Schumann entfachen: eine Kammermusikreise mit den Fouchenneret-Brüdern

Robert Schumann, Werke für Streicher, Holzbläser und Klavier (CD)  klassik-begeistert.de, 21. September 2025

Schumann entfachen: eine Kammermusikreise mit den Fouchenneret-Brüdern

Robert Schumann
Werke für Streicher, Holzbläser und Klavier (CD)

b-records, LBM080

von Dirk Schauß

Es gibt Aufnahmen, die man anhört und wieder vergisst.
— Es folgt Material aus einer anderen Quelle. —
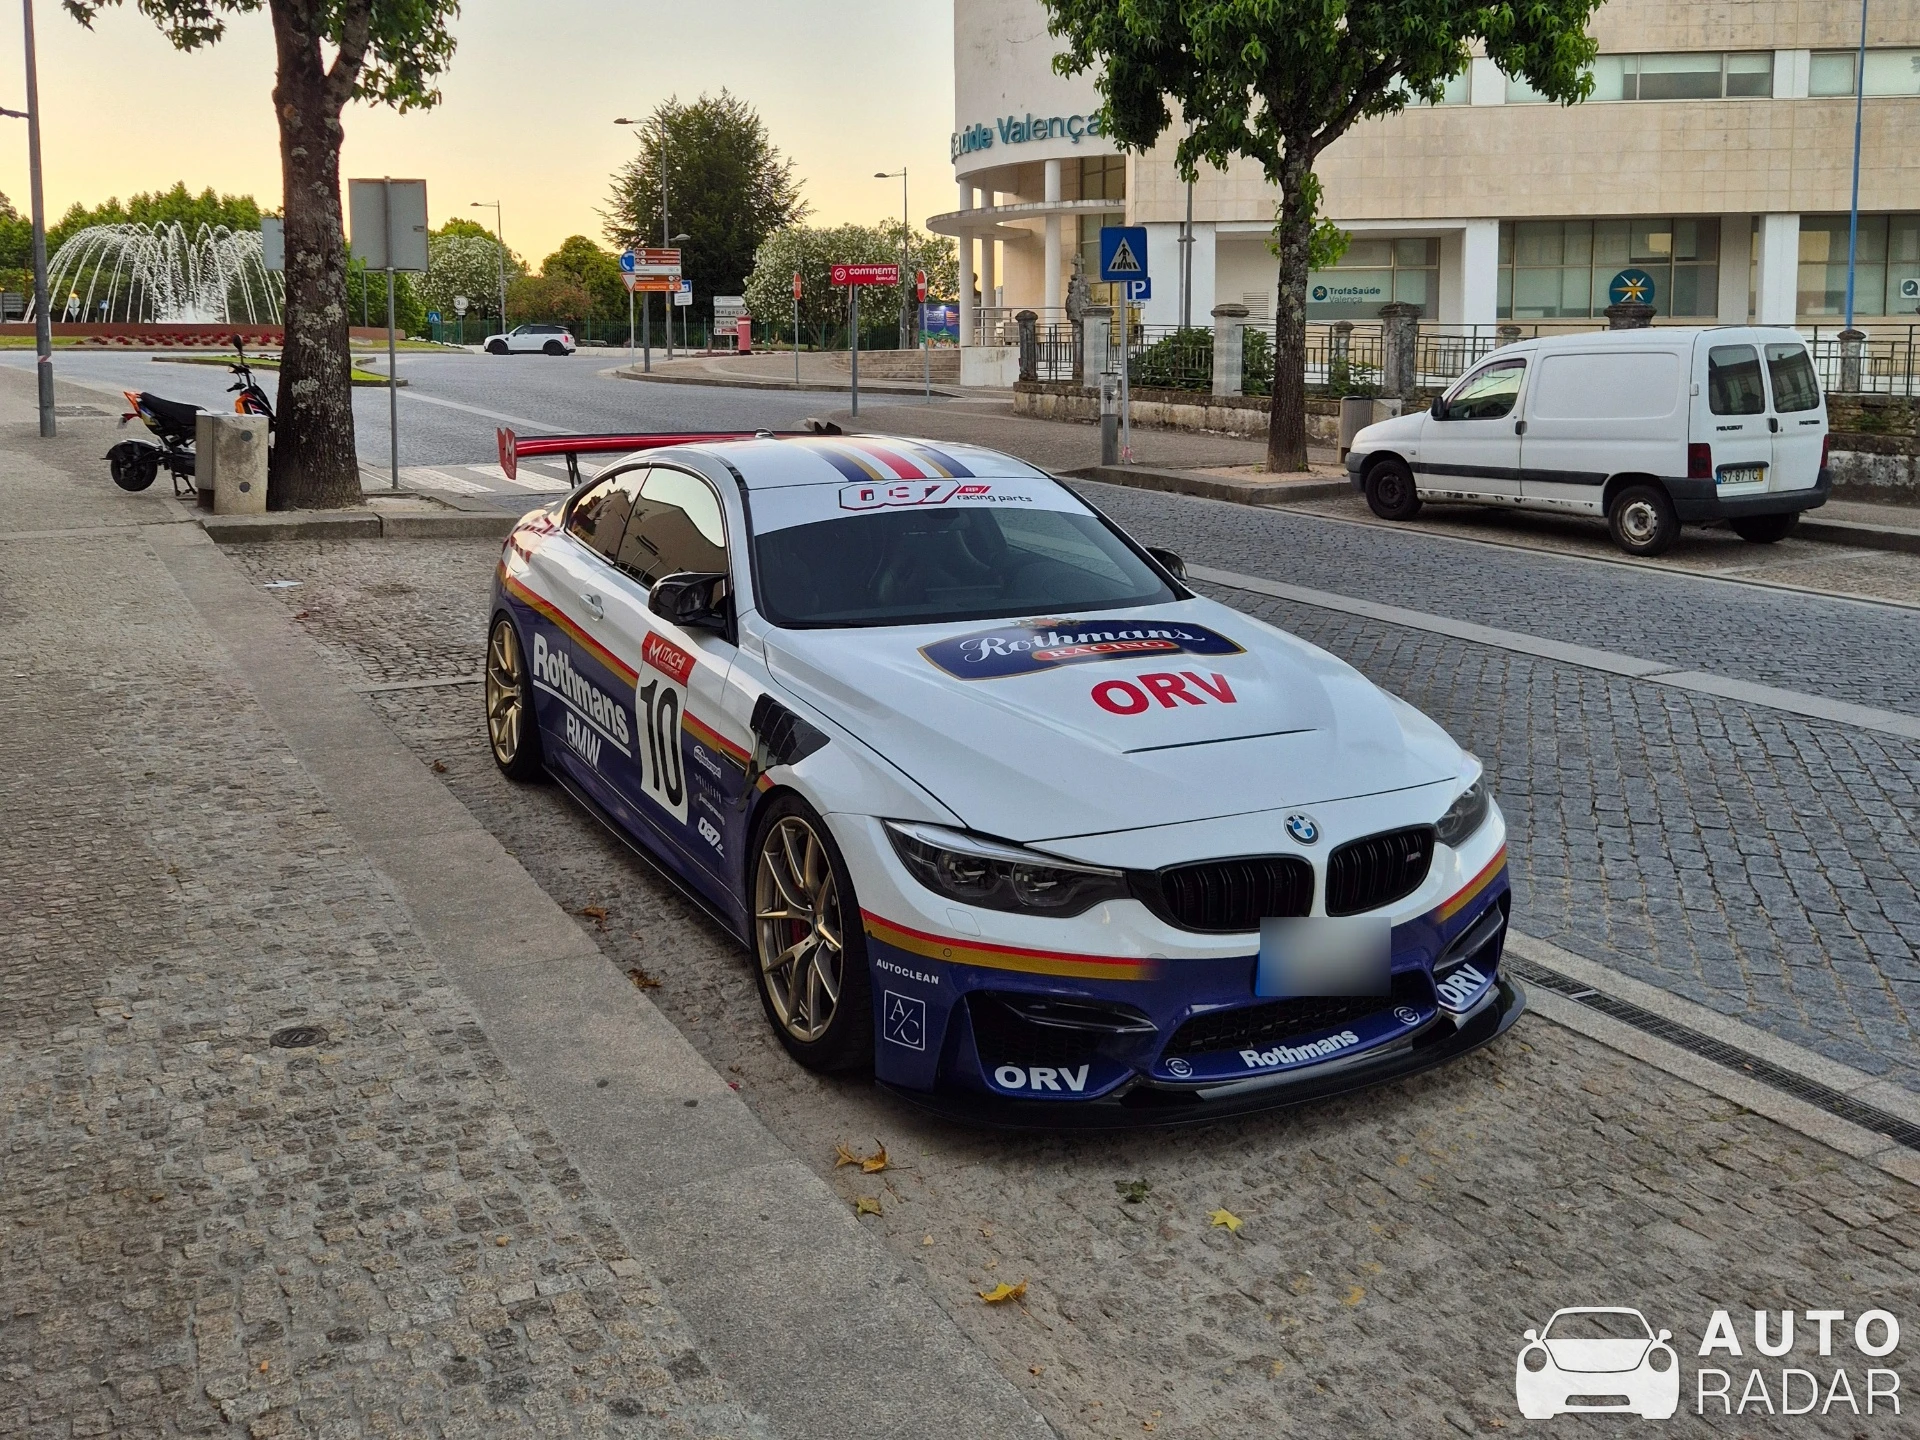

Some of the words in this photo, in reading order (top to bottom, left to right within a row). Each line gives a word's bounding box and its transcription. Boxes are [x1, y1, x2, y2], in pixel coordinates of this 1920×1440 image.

[997, 113, 1101, 144] Valença
[849, 267, 897, 276] CONTINENTE
[1132, 281, 1146, 299] P
[1329, 287, 1381, 295] TrofaSaúde
[1329, 296, 1363, 304] Valença
[1722, 469, 1758, 482] 67-87-TC
[957, 494, 996, 502] racing
[998, 495, 1033, 503] parts
[649, 639, 687, 671] MITACHI
[959, 627, 1206, 663] Rothmans
[1048, 640, 1165, 658] RACING
[533, 632, 631, 745] Rothmans
[1091, 671, 1238, 715] ORV
[566, 713, 602, 770] BMW
[641, 679, 682, 807] 10
[876, 958, 939, 985] AUTOCLEAN
[1436, 963, 1488, 1004] ORV
[1239, 1030, 1360, 1069] Rothmans
[994, 1064, 1090, 1092] ORV
Und dann gibt es jene seltenen Momente, in denen eine CD nicht nur Musik liefert, sondern einen mitnimmt. Die neue Schumann-Einspielung bei b-records gehört eindeutig zur zweiten Kategorie. Von den ersten Takten der Fantasiestücke bis zum rauschenden Finale des frühen Klavierquartetts in c-Moll entfaltet sich ein farbiger Kosmos, der Schumanns rastloses Genie lebendig werden lässt – wechselhaft, poetisch, mitunter widersprüchlich und doch von einer unwiderstehlichen Sogkraft getragen.
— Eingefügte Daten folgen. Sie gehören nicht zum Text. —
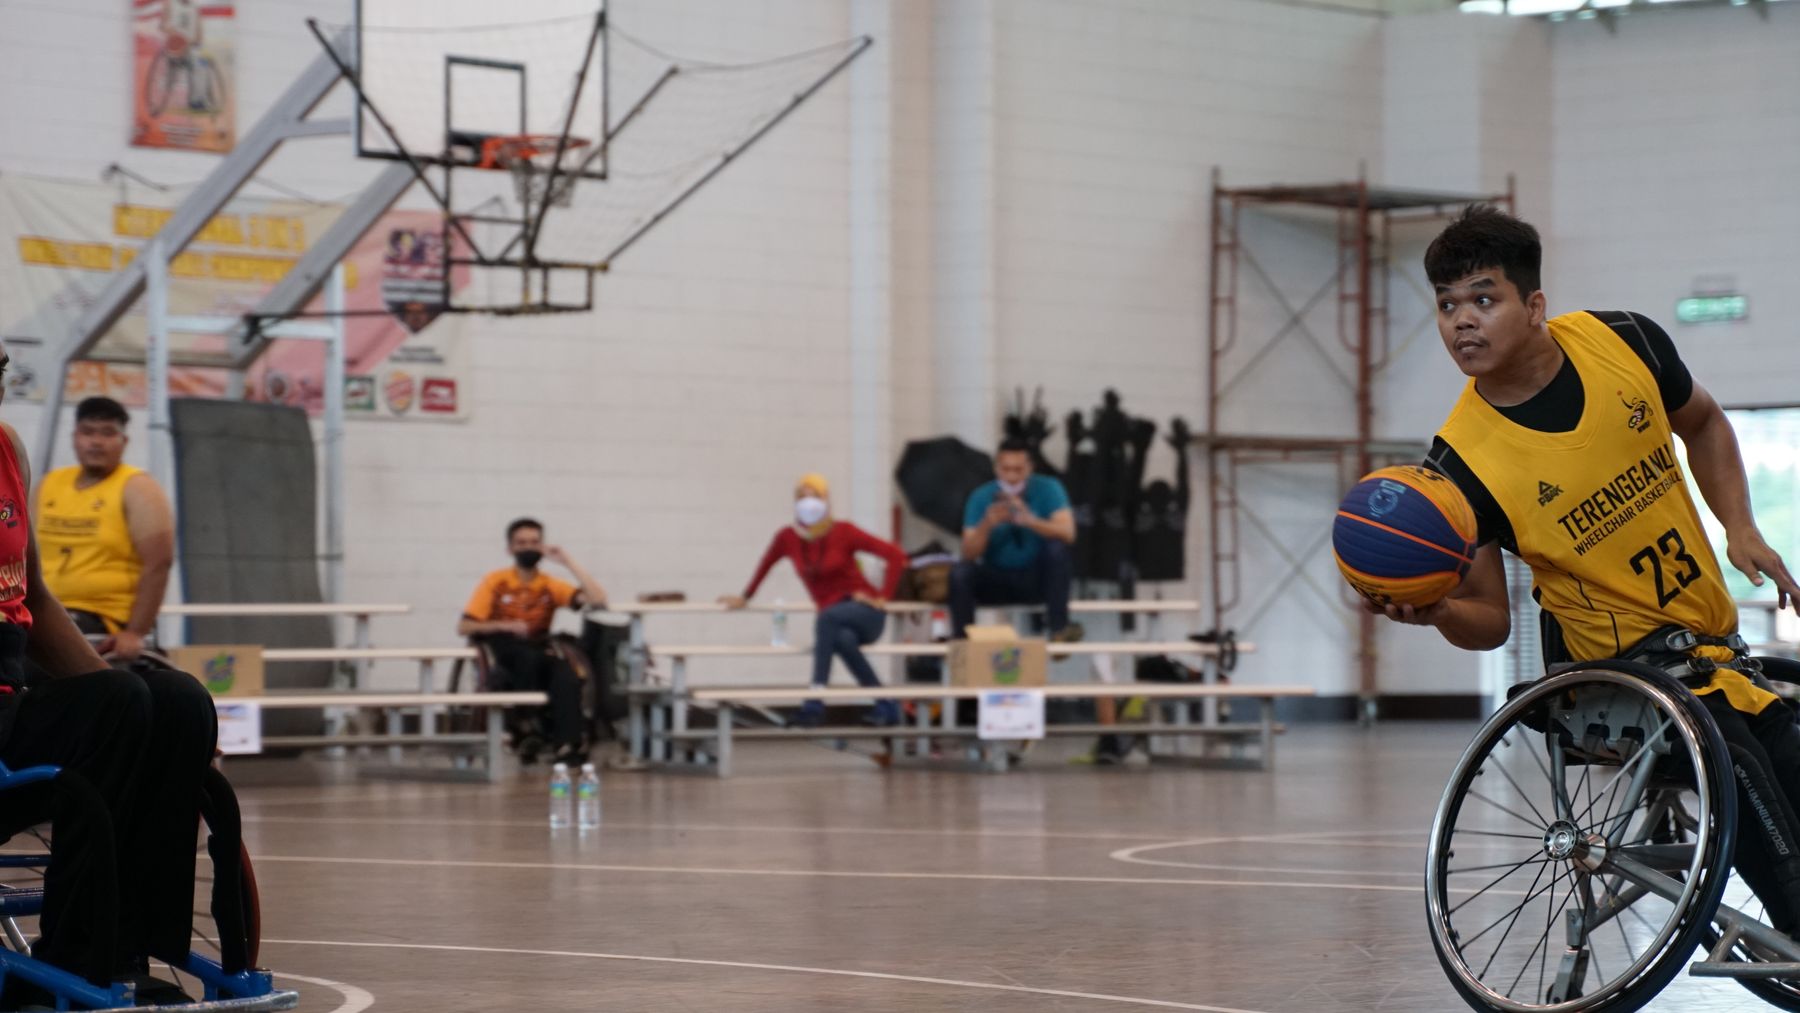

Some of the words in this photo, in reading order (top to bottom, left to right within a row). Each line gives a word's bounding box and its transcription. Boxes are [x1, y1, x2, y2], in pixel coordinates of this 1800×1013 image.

Dass dieses Projekt gelingt, liegt vor allem an der klugen Besetzung. Im Zentrum stehen die Brüder Pierre und Théo Fouchenneret – ersterer ein Geiger mit markantem Ton, letzterer ein Pianist, der mit feinem Ohr für Zwischentöne agiert. Sie haben sich mit François Salque (Cello), Lise Berthaud (Viola), Florent Pujuila (Klarinette) sowie den Geschwistern Anna und Caroline Sypniewski zusammengeschlossen. Ein Ensemble also, das sich nicht als zufällige Studio-Bekanntschaft versteht, sondern hörbar auf gemeinsamem Musizieren basiert. Diese Vertrautheit ist in jeder Phrase spürbar.
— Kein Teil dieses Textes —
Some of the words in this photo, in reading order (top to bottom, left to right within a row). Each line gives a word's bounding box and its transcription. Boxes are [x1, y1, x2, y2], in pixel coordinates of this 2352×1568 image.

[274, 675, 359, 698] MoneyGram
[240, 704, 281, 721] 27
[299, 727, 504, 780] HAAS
Gleich zu Beginn, in den Fantasiestücken op. 73 für Cello und Klavier, zeigt sich das: Salque singt mit einer kantablen Wärme auf ihrem Instrumen, die an einen lyrischen Bariton erinnert, während Théo Fouchenneret am Klavier das Gegenüber nie zudeckt, sondern inspiriert. Das Dialogische, dieses Hin und Her zwischen Melancholie und Aufbruch, wird hier zur kleinen Szene – man könnte meinen, zwei Figuren auf einer Bühne sprechen zu hören.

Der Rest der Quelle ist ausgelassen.